Alleen duurzame voedselsystemen kunnen honger uit de wereld helpen

  1. Laatst bijgewerkt op
Image
Foto van vrouwen die water ophalen uit een waterput in Ivoorkust

Boerinnen geven water aan hun groenten in Ivoorkust (© IFAD).

Een oorlog met veel gevolgen

De invasie van Rusland in Oekraïne heeft dramatische gevolgen voor de Oekraïense bevolking. Maar de gevolgen zijn ook voelbaar op wereldschaal. Meest besproken in ons land is allicht de energiecrisis, maar er doet zich eveneens een voedselcrisis voor die zich uit in een groeiend aantal mensen die honger lijden. Vooral kwetsbare gezinnen in het Zuiden zijn er door getroffen.

Rusland en Oekraïne behoren immers tot de top 7 in de wereld van uitvoerders van tarwe, maïs, gerst, zonnebloemzaad en zonnebloemolie. Daarnaast staan Rusland en bondgenoot Belarus in voor een vijfde van de wereldwijde toevoer van kunstmest. Ten slotte is Rusland een van ’s werelds grootste leveranciers van fossiele brandstof. Het land neemt 25% van de totale uitvoer van aardgas voor zijn rekening en is de 2de grootste uitvoerder van ruwe olie na Saoedi-Arabië.

De toevoerproblemen van deze voedingsmiddelen, meststoffen en fossiele brandstoffen veroorzaken schaarste en stijgende prijzen op de wereldmarkt. De duurdere meststoffen en fossiele brandstoffen leiden ertoe dat het meer kost om lokaal voedsel te produceren, te transporteren en te verwerken. Daardoor zien de boeren hun inkomen dalen, maar de koopkracht daalt ook voor die mensen die hun voedsel moeten aankopen.

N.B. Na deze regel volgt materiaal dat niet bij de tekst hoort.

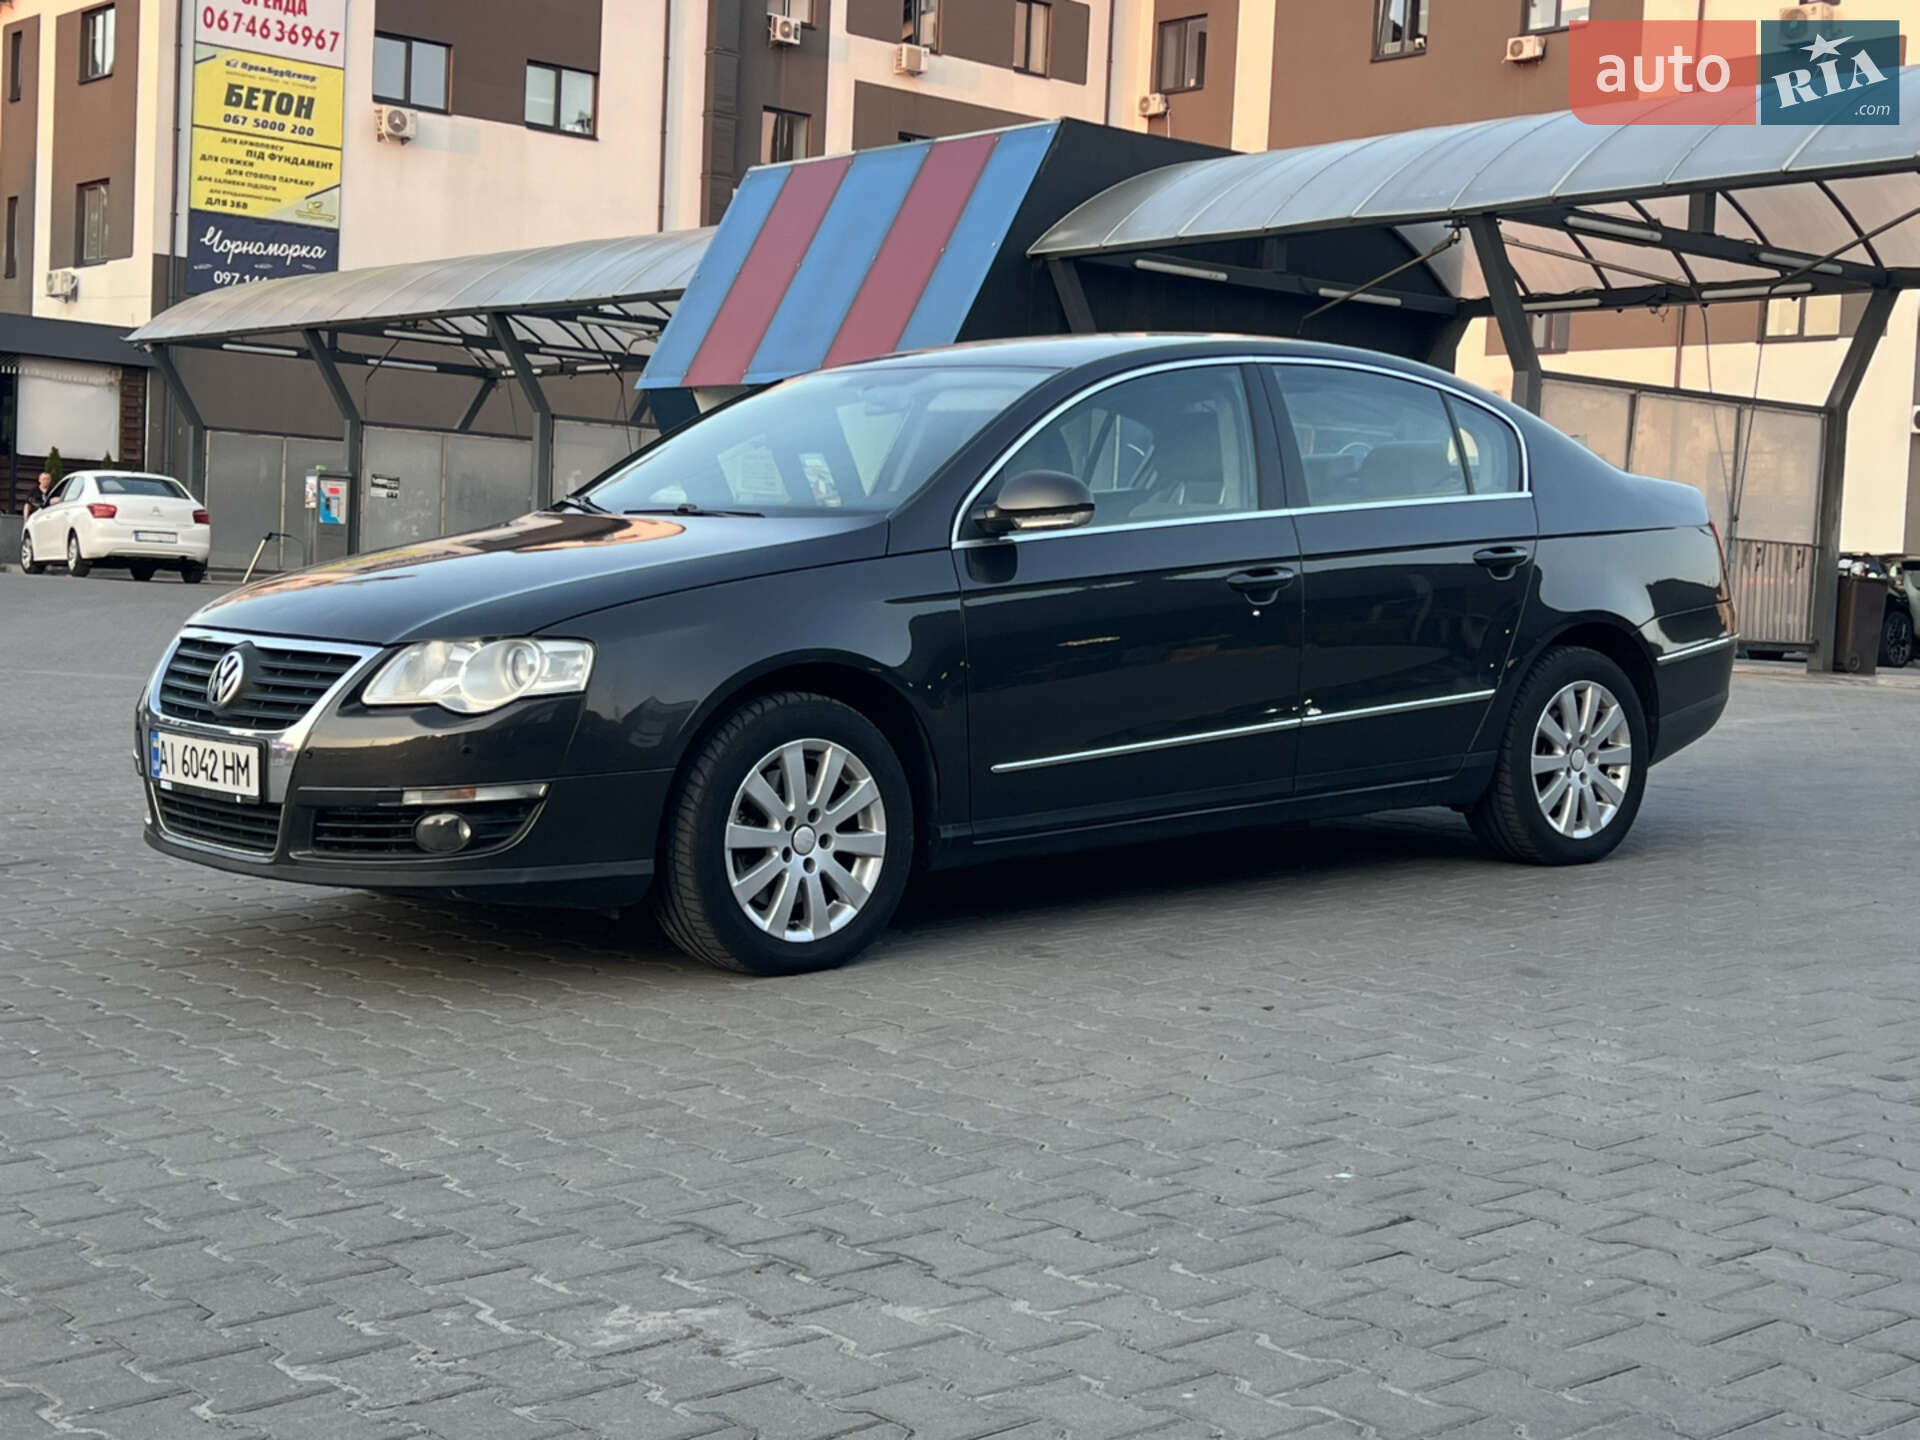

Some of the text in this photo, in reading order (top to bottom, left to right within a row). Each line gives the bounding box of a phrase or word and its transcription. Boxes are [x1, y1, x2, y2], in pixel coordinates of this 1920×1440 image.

[224, 83, 315, 120] БЕТОН
[223, 113, 315, 137] 067 5000 200
[221, 136, 238, 144] ДЛЯ
[200, 153, 219, 163] ДЛЯ
[246, 149, 334, 170] ПІД ФУНДАМЕНТ
[197, 175, 213, 183] ДЛЯ
[225, 168, 244, 177] ДЛЯ
[205, 196, 228, 207] ДЛЯ
[200, 226, 327, 266] Чорноморка
[213, 271, 240, 285] 097
[160, 740, 251, 788] AI 6042 HM

Een voedselcrisis met veel oorzaken

Toch is het te kort door de bocht om de huidige voedselcrisis uitsluitend te wijten aan de oorlog in Oekraïne. Zoals blijkt uit het voedselzekerheidsrapport van de VN-Voedsel- en Landbouworganisatie (FAO) zat het aantal ondervoeden in de wereld voordien al in stijgende lijn (zie kader).

Vooreerst hadden we af te rekenen met de zware economische gevolgen van de covidpandemie en van de maatregelen om haar te beteugelen. Boeren raakten niet meer op hun velden, toeleveringsketens werden onderbroken. Ook de klimaatcrisis slaat alsmaar feller toe. Extreme hitte, droogte én overstromingen beperken de voedselproductie. De Hoorn van Afrika (Ethiopië, Somalië, Kenya) bijvoorbeeld gaat gebukt onder de ergste droogte in 40 jaar, na al 4 opeenvolgende jaren van te weinig regen.

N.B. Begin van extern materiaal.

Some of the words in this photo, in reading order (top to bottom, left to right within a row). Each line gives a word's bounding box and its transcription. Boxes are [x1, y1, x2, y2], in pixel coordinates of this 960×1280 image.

Voedselonzekerheid is ook een gevolg van ongelijkheid. De meeste boeren in de wereld – en zeker in het Zuiden – doen aan kleinschalige, familiale landbouw. Zij produceren ook het meeste voedsel. In Centraal- en West-Afrika verdient 60 à 70% van de bevolking er haar brood mee.

In vergelijking met grootschalige landbouw hebben die kleinschalige boeren veel moeilijker toegang tot landbouwinput, markten en prijsinformatie, krediet, verbeterde technologieën, voorlichting en sociale bescherming. Ze kunnen bovendien dikwijls moeilijk concurreren met de al te goedkope prijzen van bijvoorbeeld ingevoerde bevroren kippen, tarwe en melkpoeder uit rijke landen. Vandaar dat de honger in de wereld vooral kleine boeren treft.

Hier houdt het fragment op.